Data provided
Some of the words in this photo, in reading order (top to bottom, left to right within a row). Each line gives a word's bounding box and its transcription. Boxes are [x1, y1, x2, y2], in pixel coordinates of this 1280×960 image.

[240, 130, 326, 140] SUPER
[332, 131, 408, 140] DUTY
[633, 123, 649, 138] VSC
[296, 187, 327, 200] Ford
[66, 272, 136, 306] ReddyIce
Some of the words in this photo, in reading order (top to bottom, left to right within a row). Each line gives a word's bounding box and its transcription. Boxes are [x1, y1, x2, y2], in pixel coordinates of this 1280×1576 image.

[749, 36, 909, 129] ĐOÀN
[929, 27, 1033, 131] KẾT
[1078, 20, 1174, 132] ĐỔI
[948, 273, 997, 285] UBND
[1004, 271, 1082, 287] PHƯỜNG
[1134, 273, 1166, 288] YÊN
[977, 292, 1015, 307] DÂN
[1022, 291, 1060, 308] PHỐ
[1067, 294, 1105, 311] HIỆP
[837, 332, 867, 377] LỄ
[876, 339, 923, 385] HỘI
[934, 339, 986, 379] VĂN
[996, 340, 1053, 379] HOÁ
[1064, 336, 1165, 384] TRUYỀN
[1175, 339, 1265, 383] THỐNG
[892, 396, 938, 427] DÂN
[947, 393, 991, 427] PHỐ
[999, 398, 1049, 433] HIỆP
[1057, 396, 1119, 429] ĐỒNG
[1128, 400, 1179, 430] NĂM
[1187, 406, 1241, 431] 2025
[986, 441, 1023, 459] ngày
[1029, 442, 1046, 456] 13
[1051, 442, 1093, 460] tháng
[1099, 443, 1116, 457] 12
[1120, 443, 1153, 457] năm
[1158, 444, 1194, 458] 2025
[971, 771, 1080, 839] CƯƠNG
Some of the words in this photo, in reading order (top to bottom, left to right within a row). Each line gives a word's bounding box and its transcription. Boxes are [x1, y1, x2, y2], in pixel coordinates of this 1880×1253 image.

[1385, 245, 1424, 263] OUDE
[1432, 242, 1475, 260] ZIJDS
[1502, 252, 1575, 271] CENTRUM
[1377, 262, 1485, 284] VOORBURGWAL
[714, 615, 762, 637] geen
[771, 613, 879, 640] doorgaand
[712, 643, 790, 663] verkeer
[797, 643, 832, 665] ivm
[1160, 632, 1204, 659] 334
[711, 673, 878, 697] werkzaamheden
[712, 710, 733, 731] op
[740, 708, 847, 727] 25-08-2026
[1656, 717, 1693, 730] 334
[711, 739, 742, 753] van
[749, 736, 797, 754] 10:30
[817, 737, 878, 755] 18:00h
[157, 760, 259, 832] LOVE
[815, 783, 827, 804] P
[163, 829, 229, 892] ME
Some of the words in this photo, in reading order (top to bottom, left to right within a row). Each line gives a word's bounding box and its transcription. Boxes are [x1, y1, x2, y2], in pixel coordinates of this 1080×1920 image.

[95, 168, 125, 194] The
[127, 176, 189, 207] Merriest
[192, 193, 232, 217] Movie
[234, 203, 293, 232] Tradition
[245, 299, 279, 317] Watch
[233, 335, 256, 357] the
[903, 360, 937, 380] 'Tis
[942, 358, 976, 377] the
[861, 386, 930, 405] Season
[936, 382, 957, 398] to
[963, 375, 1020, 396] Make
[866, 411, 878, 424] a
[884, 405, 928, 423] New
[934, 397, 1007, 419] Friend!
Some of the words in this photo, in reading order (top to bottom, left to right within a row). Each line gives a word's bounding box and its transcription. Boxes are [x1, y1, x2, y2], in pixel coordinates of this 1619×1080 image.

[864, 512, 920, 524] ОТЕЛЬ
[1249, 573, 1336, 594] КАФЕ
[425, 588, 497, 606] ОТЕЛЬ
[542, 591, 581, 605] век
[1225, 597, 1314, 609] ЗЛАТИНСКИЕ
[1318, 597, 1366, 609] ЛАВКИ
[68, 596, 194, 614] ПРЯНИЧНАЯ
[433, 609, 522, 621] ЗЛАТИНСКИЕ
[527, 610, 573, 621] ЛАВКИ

Your goal
Your task is to reproduce all the material exactly as it stands.

Response area
Some of the words in this photo, in reading order (top to bottom, left to right within a row). Each line gives a word's bounding box and its transcription. Boxes are [x1, y1, x2, y2], in pixel coordinates of this 1280×960 image.

[240, 130, 326, 140] SUPER
[332, 131, 408, 140] DUTY
[633, 123, 649, 138] VSC
[296, 187, 327, 200] Ford
[66, 272, 136, 306] ReddyIce
Some of the words in this photo, in reading order (top to bottom, left to right within a row). Each line gives a word's bounding box and its transcription. Boxes are [x1, y1, x2, y2], in pixel coordinates of this 1280×1576 image.

[749, 36, 909, 129] ĐOÀN
[929, 27, 1033, 131] KẾT
[1078, 20, 1174, 132] ĐỔI
[948, 273, 997, 285] UBND
[1004, 271, 1082, 287] PHƯỜNG
[1134, 273, 1166, 288] YÊN
[977, 292, 1015, 307] DÂN
[1022, 291, 1060, 308] PHỐ
[1067, 294, 1105, 311] HIỆP
[837, 332, 867, 377] LỄ
[876, 339, 923, 385] HỘI
[934, 339, 986, 379] VĂN
[996, 340, 1053, 379] HOÁ
[1064, 336, 1165, 384] TRUYỀN
[1175, 339, 1265, 383] THỐNG
[892, 396, 938, 427] DÂN
[947, 393, 991, 427] PHỐ
[999, 398, 1049, 433] HIỆP
[1057, 396, 1119, 429] ĐỒNG
[1128, 400, 1179, 430] NĂM
[1187, 406, 1241, 431] 2025
[986, 441, 1023, 459] ngày
[1029, 442, 1046, 456] 13
[1051, 442, 1093, 460] tháng
[1099, 443, 1116, 457] 12
[1120, 443, 1153, 457] năm
[1158, 444, 1194, 458] 2025
[971, 771, 1080, 839] CƯƠNG
Some of the words in this photo, in reading order (top to bottom, left to right within a row). Each line gives a word's bounding box and its transcription. Boxes are [x1, y1, x2, y2], in pixel coordinates of this 1880×1253 image.

[1385, 245, 1424, 263] OUDE
[1432, 242, 1475, 260] ZIJDS
[1502, 252, 1575, 271] CENTRUM
[1377, 262, 1485, 284] VOORBURGWAL
[714, 615, 762, 637] geen
[771, 613, 879, 640] doorgaand
[712, 643, 790, 663] verkeer
[797, 643, 832, 665] ivm
[1160, 632, 1204, 659] 334
[711, 673, 878, 697] werkzaamheden
[712, 710, 733, 731] op
[740, 708, 847, 727] 25-08-2026
[1656, 717, 1693, 730] 334
[711, 739, 742, 753] van
[749, 736, 797, 754] 10:30
[817, 737, 878, 755] 18:00h
[157, 760, 259, 832] LOVE
[815, 783, 827, 804] P
[163, 829, 229, 892] ME
Some of the words in this photo, in reading order (top to bottom, left to right within a row). Each line gives a word's bounding box and its transcription. Boxes are [x1, y1, x2, y2], in pixel coordinates of this 1080×1920 image.

[95, 168, 125, 194] The
[127, 176, 189, 207] Merriest
[192, 193, 232, 217] Movie
[234, 203, 293, 232] Tradition
[245, 299, 279, 317] Watch
[233, 335, 256, 357] the
[903, 360, 937, 380] 'Tis
[942, 358, 976, 377] the
[861, 386, 930, 405] Season
[936, 382, 957, 398] to
[963, 375, 1020, 396] Make
[866, 411, 878, 424] a
[884, 405, 928, 423] New
[934, 397, 1007, 419] Friend!
Some of the words in this photo, in reading order (top to bottom, left to right within a row). Each line gives a word's bounding box and its transcription. Boxes are [x1, y1, x2, y2], in pixel coordinates of this 1619×1080 image.

[864, 512, 920, 524] ОТЕЛЬ
[1249, 573, 1336, 594] КАФЕ
[425, 588, 497, 606] ОТЕЛЬ
[542, 591, 581, 605] век
[1225, 597, 1314, 609] ЗЛАТИНСКИЕ
[1318, 597, 1366, 609] ЛАВКИ
[68, 596, 194, 614] ПРЯНИЧНАЯ
[433, 609, 522, 621] ЗЛАТИНСКИЕ
[527, 610, 573, 621] ЛАВКИ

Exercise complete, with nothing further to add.